The WML for z/OS support of the model types has certain limitations:
- Limitations in the models used for CICS and WOLA scoring:
- The field names in the model’s input and output should not exceed 16 characters in length due to the limitation of COBOL and the COPYBOOK generator.
- Limitations in the MLeap and SparkML engine:
- The MLeap engine does not support the
following z/OS Spark transformers or estimators:
- org.apache.spark.ml.feature.PolynomialExpansion
- org.apache.spark.ml.feature.OneHotEncoderModel
- org.apache.spark.ml.feature.OneHotEncoder (for Spark 2.3.0 or later)
- org.apache.spark.ml.feature.Normalizer
- org.apache.spark.ml.feature.RobustScalerModel
- org.apache.spark.ml.feature.SQLTransformer
- org.apache.spark.ml.feature.VectorSizeHint
- org.apache.spark.ml.feature.ImputerModel
- org.apache.spark.ml.feature.RFormulaModel
- org.apache.spark.ml.feature.UnivariateFeatureSelectorModel
- org.apache.spark.ml.feature.VarianceThresholdSelectorModel
- org.apache.spark.ml.feature.BucketedRandomProjectionLSHModel
- org.apache.spark.ml.feature.MinHashLSHModel
- org.apache.spark.ml.classification.FMClassificationModel
- org.apache.spark.ml.regression.FMRegressionModel
- org.apache.spark.ml.clustering.LDAModel
- org.apache.spark.ml.clustering.PowerIterationClustering
- org.apache.spark.ml.classification.MultilayerPerceptronClassificationModel
- org.apache.spark.ml.tuning.CrossValidatorModel
- org.apache.spark.ml.tuning.TrainValidationSplitModel
If a pipeline contains any of these transformers or estimators, the pipeline will not be retained in the MLeap bundle, and the model will be saved as a SparkML type only.
- The MLeap engine does not support any customized z/OS Spark transformers or estimators except the CADS (Cognitive Assistant for Data Scientists) estimator.
- The MLeap engine does not support any model that has array, vector, map, or struct as a column data type. The model will be saved as a SparkML type only.
- You cannot create a PMML model in WML for z/OS, but you can import and deploy a PMML model that you've already created elsewhere.
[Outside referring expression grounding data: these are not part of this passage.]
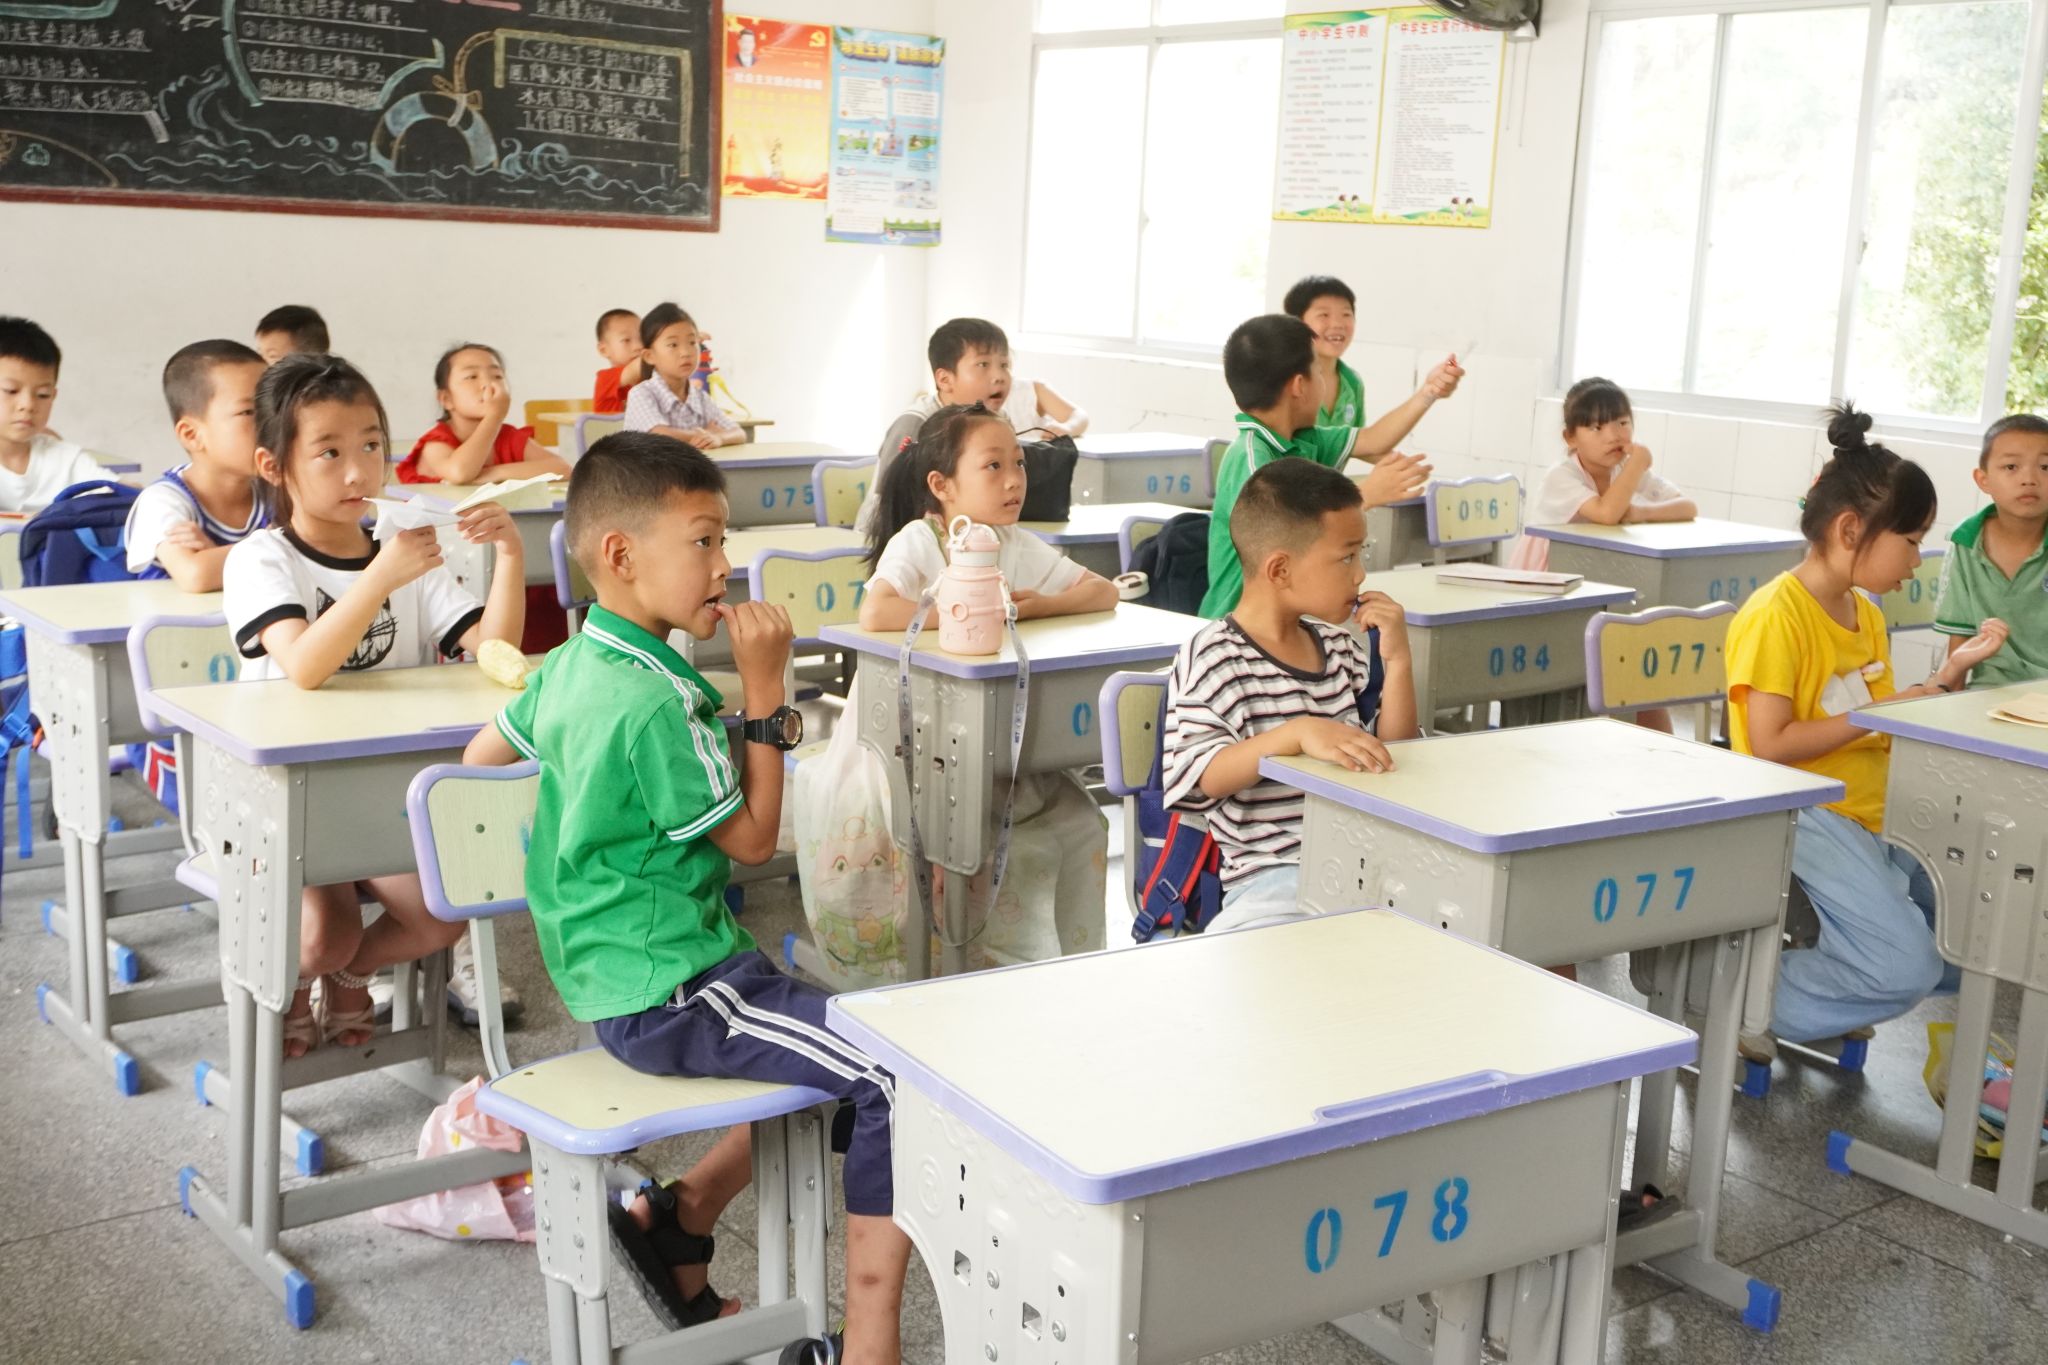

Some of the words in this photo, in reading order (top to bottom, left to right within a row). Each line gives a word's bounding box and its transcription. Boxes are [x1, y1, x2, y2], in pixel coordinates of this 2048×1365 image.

[761, 485, 814, 508] 075
[1147, 475, 1191, 494] 076
[1490, 644, 1550, 678] 084
[1643, 643, 1704, 678] 077
[1594, 867, 1694, 922] 077
[1305, 1177, 1469, 1273] 078
- The MLeap engine does not support the
following z/OS Spark transformers or estimators:
- Limitations in the Scikit-learn engine:
- The Scikit-learn engine does not support the feedback evaluation, retraining, and batch scoring of a model.
- The Scikit-learn engine does not support a
model if it does not contain a
predict
method, such asSpectralBiclustering
andAgglomerativeClustering
.
- Limitations in the XGBoost engine:
- The XGBoost engine does not support feedback evaluation and batch scoring of a model.
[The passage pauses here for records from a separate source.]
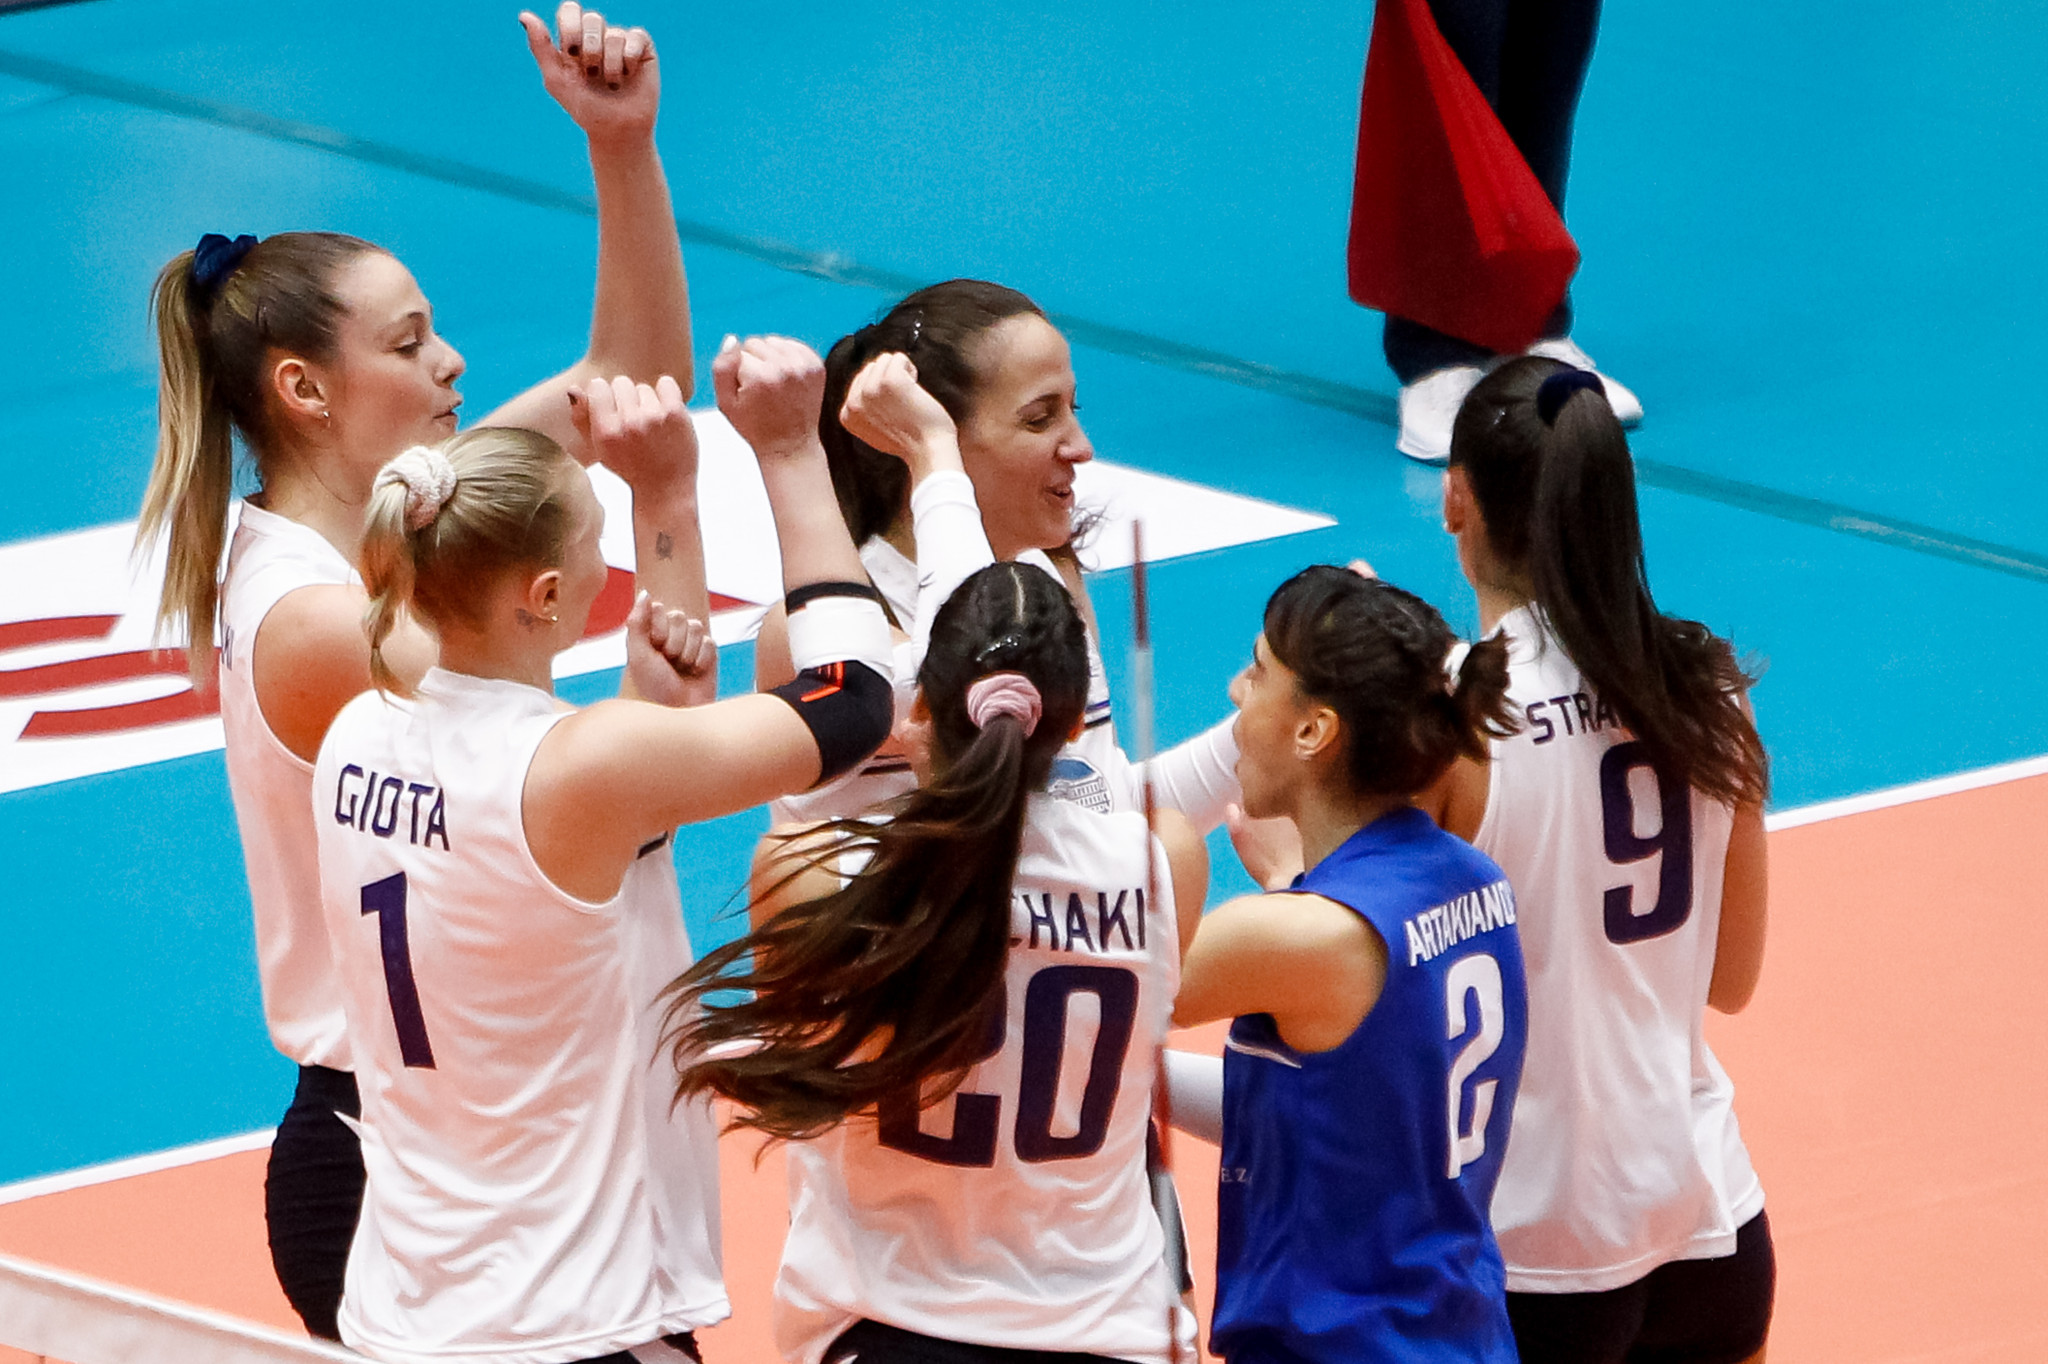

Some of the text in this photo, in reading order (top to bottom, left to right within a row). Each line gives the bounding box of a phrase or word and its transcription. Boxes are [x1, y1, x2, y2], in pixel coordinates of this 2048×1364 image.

[335, 763, 450, 851] GIOTA
[1601, 738, 1692, 944] 9
[361, 871, 437, 1070] 1
[1010, 888, 1146, 951] HAKI
[1446, 953, 1504, 1181] 2
- Using a XGBoost model with objective
count:poisson
for prediction may cause errors. - WML for z/OS supports the conversion of a
XGBoost model to PMML only if the XGBoost model has the following parameters:
- booster
- gbtree
- objective
- binary:logistic
- count:poisson
- multi:softmax
- multi:softprob
- reg:gamma
- reg:logistic
- reg:linear
- reg:tweedie
- booster
- You can use the XGBoost Scikit-learn wrapper API within a Scikit-learn pipeline to train a model. If you want to convert the pipeline to PMML, all the operations in the pipeline must be supported by JPMML-SkLearn. See JPMML-SkLearn for details.
- Limitations in the ONNX engine:
- You cannot create an ONNX model in WML for z/OS.
- The ONNX engine does not support feedback evaluation and retraining of a ONNX model.
- The ONNX engine does not support batch scoring of a ONNX model that reads a batch of records from a database and writes a batch of predictions back to the database.
The ONNX engines supports ONNX version 1.13.1 for operations targeting up to opset 18. See Supported ONNX Operation for Target cpu and Supported ONNX Operation for Target NNPA for more information about the supported operators and limitations.
- Limitations in the watfore engine:
- Only Watson Core Time Series v2.14.2 is supported.
- The supported algorithms within the Watson Core Time Series forecasting model are limited to those that can be constructed using the ForecastingModel.